Since the arrival of simulation games there has been some conflict in individuals. In every instance, the game offers one of two choices : let the creature / simulated human thrive……or let it go down the drain. Not being a very vindictive person myself, and proud owner of a neighbourhood full of happy, successfull Sims. Recently I had found out that this is not always the case.
Upon inquiry as to why there are 5 gravestones and only 3 sims on one lot, my sister’s simple reply comes that the other 5 were constantly depressed and had to be put out of misery. “Shame.” I sympathize. “Poor Sims.”
“Poor ME! Do you know how hard they are to control when they’re depressed?”
So this brings us to a whole new concept, devised by my slightly evil sibling.
She fulfills the dual role of creator and grin reaper.
Yes, you read correctly, the GRIN reaper.
Smile or Die.
As long as the Sim is happy and productive , it will keep its place in the world of pixels, but beware of setbacks. One bad morning , and by noon you may be at the bottom of the swimming pool because the pool ladder has mysteriously vanished.
Another instance of this happening has been spotted with two of my flatmates. The phenomenon is not limited to simulation games, however. I present to you exhibit A : Flatmate 1 plays virtual golf. Swinging requires the player to pull the mouse back and then push it forward very quickly. Totally engrossed in his game, the friend does just this but sadly does not take in account how near the wall is to the mouse.
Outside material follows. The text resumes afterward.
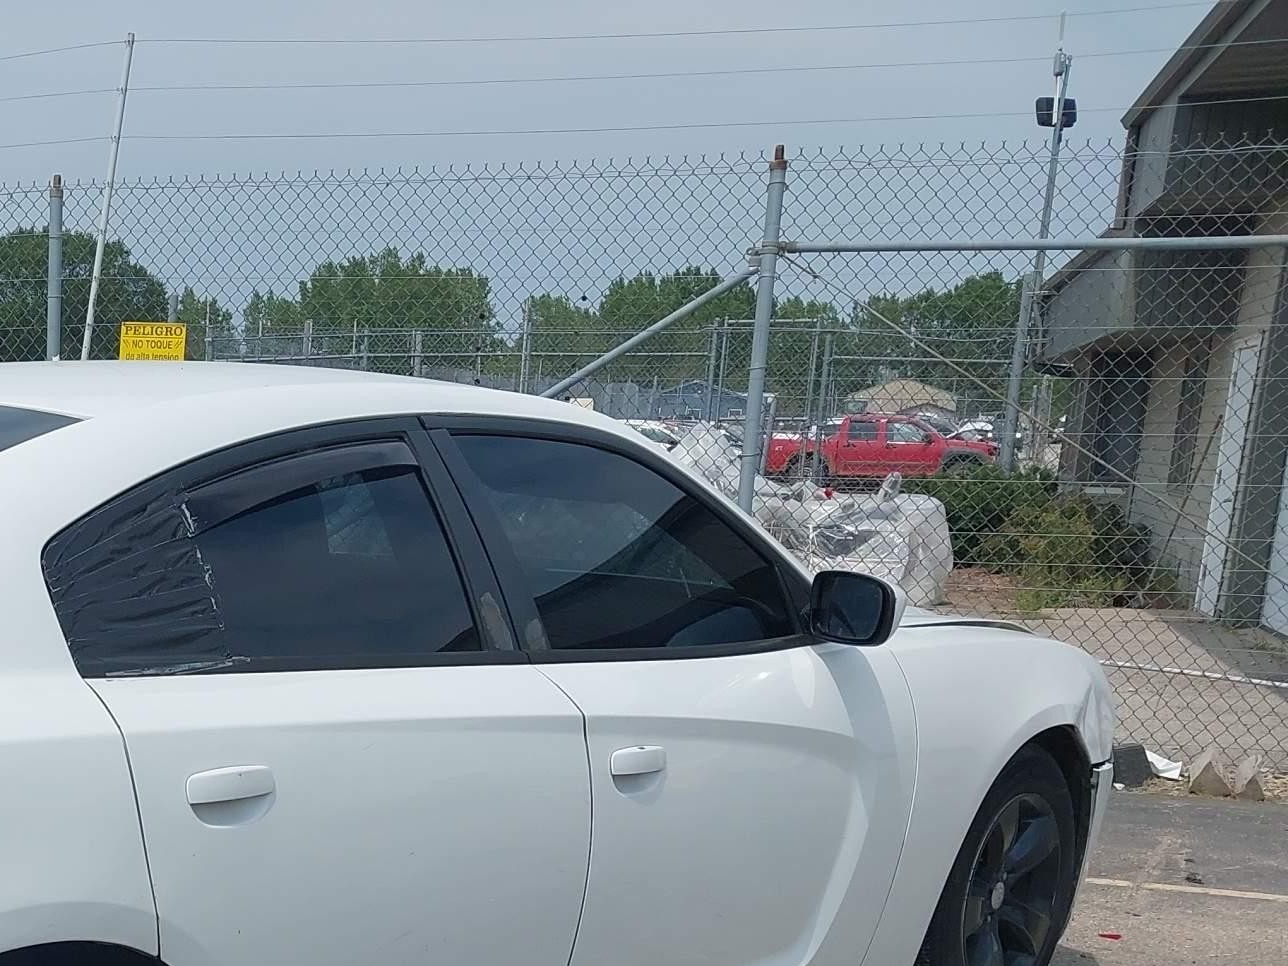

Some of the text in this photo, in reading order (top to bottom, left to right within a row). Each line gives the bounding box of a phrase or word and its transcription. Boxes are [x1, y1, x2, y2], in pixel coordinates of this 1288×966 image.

After completing the swing it takes a few seconds for him to realise that one of his fingernails is no longer on his finger, but on his wrist. A lot of screaming ensues. Also a doctor’s bill and much ridicule from his other friends.
Exhibit B was luckily not injured that badly, but the same cannot be said for his computer. With feet up on the desk and the keyboard resting on his legs, the flatmate whiles the hours away playing a high-tension strategy game. When he’s not squealing in fright, he is fervently jabbing the keyboard in an attempt to make his virtual self move faster.
Due to this the keyboard’s space bar has given up the fight and is now deeply lodged in the confined space between the bottom row of letters. The mouse also does not come out unscathed. The cable is patched in various places and when you move it at a certain angle the computer restarts.